Hendriksen wandte sich direkt an ihn. »Nicht wahr? Es weckt irgendwie verwandtschaftliche Gefühle bei uns Seeleuten.«
»Genau! Und wenn ich bedenke, wie viele uralte, leckende Frachter auf Weltreise geschickt wurden, um mit Mann und Maus unterzugehen, und wie anschließend von den Partenreedern hohe Versicherungssummen kassiert wurden, habe ich das Gefühl, dass sich diese Gesellschaftermodelle immer in irgendeiner Weise rentiert haben.«
»Bei uns war es nicht so!«, stieß Hendriksen verstimmt aus.

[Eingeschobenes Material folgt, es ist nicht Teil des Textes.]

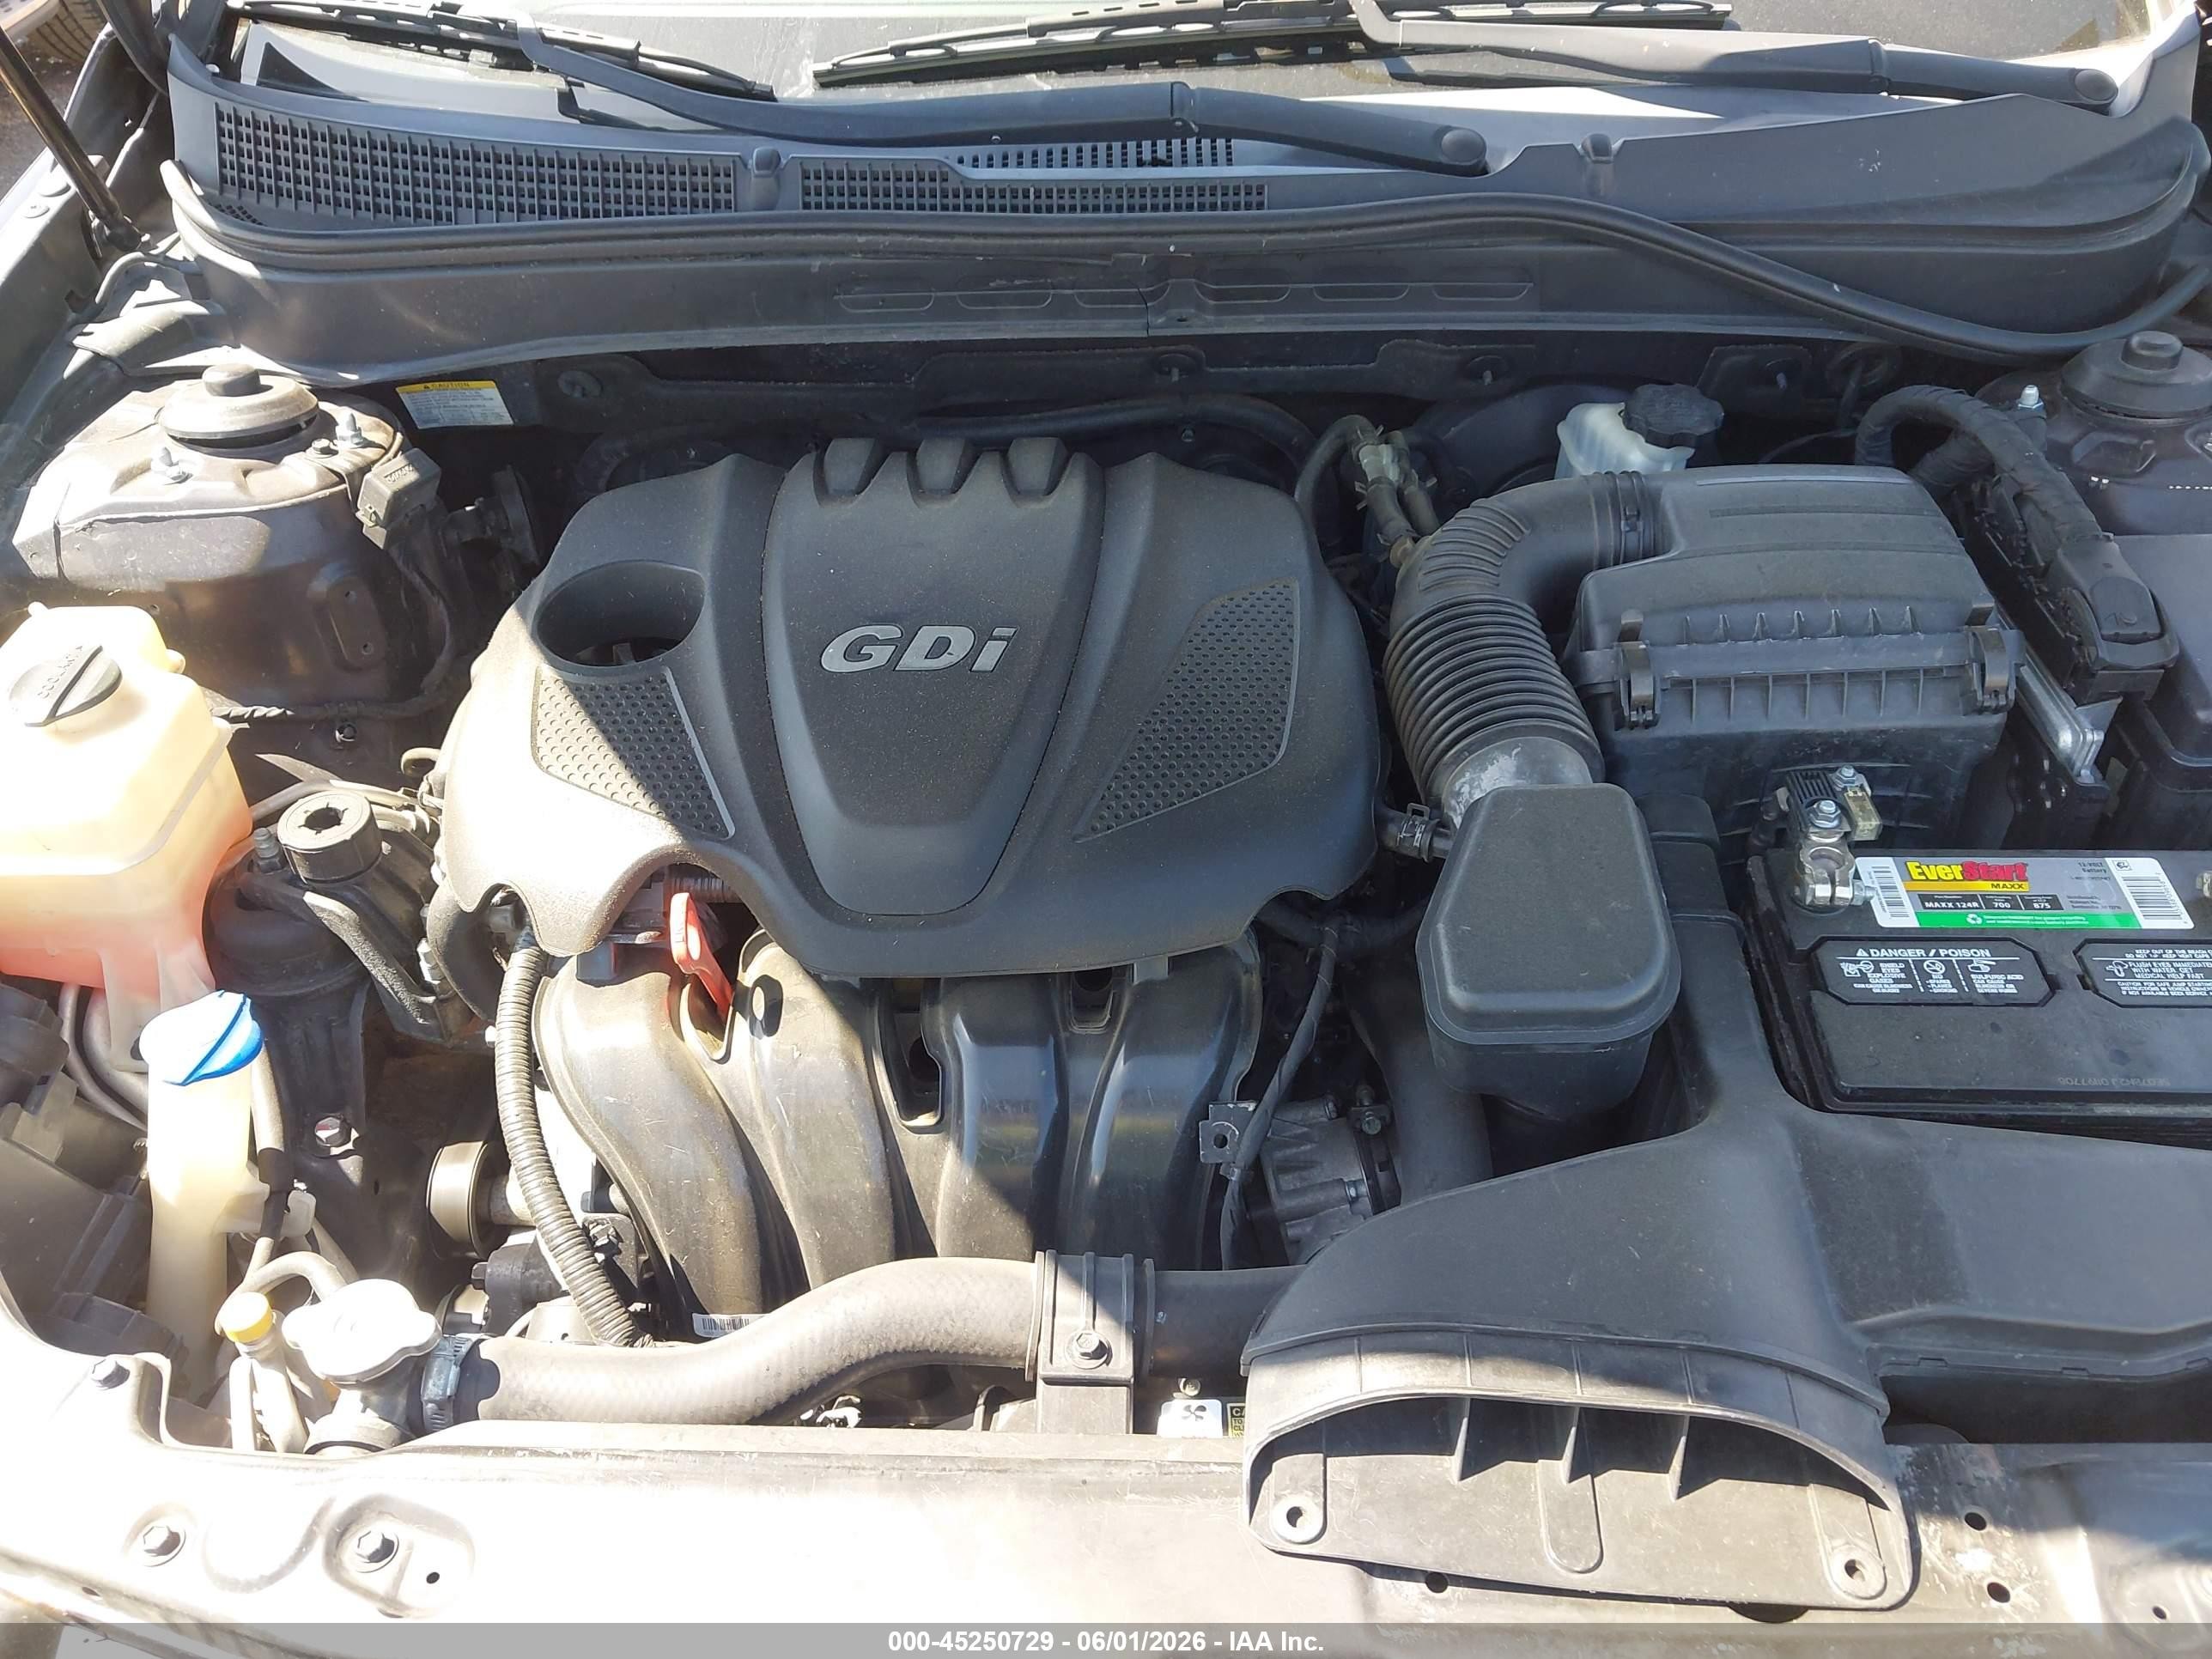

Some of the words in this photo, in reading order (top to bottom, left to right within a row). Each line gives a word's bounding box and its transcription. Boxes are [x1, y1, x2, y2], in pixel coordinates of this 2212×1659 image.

»In unserer Reederei auch nicht, soweit ich das Geschäft durchschaute«, versicherte Asmus in sanftmütigem Ton. »Aber Sie wissen, was ich meine.«
»Ja, natürlich«, versetzte Hendriksen widerstrebend. »Es gab etliche Schurken unter den Reedern.«
»Um Ihnen unser Problem konkret zu schildern«, fuhr Asmus fort, »wir haben zwar die schriftlichen Unterlagen der Koje vom Geschäftsführer Petersen erhalten, uns aber wegen der Dringlichkeit der Außenereignisse nicht lange damit beschäftigen können. Jetzt war Zeit dafür, und wir entdeckten, dass die Liste mit den Fangzahlen fehlt, von der wir zu dritt glauben, sie gesehen zu haben.«
»Interessant. Haben Sie in Ihrer Mannschaft etwa einen Saboteur?«
»Davon gehe ich nicht aus. Aber für jemanden, der sich mit unserem normalen Tagesablauf vertraut gemacht hat, wäre es nicht schwierig, aus der manchmal vollkommen unbesetzten und offenen Wache Unterlagen zu entwenden.«
»Da haben Sie aber viel Vertrauen in Menschen.«
»Richtig. Aber wer würde der Polizei schon vertrauen, wenn wir allen Leuten mit Misstrauen begegneten?«
»Da haben Sie natürlich recht. Sie möchten also von mir Zahlen haben.«
»Richtig. Nickels Petersen ist zum Festland gereist, für wie lange, wissen wir nicht, aber die Fangzahlen der Koje brauchen wir sofort. Und ich vermute in Ihnen den zuverlässigsten und einzigen unvoreingenommenen Teilhaber an der Koje.«
»Das kann ich Ihnen bestätigen. Die anderen Hauptinteressenten waren entweder Nachbarn oder Freunde von Petersen. Die Nebeninteressenten kenne ich gar nicht, aber die stellten ja jeweils den Schweif ihres Hauptinteressenten dar. Ich hole mal meine Unterlagen.« Der Kapitän verließ die Küche, schob nebenan hörbar eine Schieblade auf und raschelte mit Papier. Dann kam er mit einem Packen beschriebener Bögen zurück, die er in der Tischmitte deponierte.»Alle Fangzahlen der letzten Jahre«, erklärte er aufgeräumt.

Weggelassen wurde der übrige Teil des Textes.